(Input for this task)

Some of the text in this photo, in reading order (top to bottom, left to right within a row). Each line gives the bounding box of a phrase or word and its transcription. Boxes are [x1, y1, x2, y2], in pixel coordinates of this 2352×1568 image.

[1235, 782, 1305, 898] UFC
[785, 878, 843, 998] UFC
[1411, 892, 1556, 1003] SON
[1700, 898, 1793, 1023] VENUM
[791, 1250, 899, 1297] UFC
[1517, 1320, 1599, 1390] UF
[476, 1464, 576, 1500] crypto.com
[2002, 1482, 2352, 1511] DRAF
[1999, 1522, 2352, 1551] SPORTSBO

(End Input for this task)

# Work item
Retype the entries exactly; leave nothing out.

# Exercise solution
Some of the text in this photo, in reading order (top to bottom, left to right within a row). Each line gives the bounding box of a phrase or word and its transcription. Boxes are [x1, y1, x2, y2], in pixel coordinates of this 2352×1568 image.

[1235, 782, 1305, 898] UFC
[785, 878, 843, 998] UFC
[1411, 892, 1556, 1003] SON
[1700, 898, 1793, 1023] VENUM
[791, 1250, 899, 1297] UFC
[1517, 1320, 1599, 1390] UF
[476, 1464, 576, 1500] crypto.com
[2002, 1482, 2352, 1511] DRAF
[1999, 1522, 2352, 1551] SPORTSBO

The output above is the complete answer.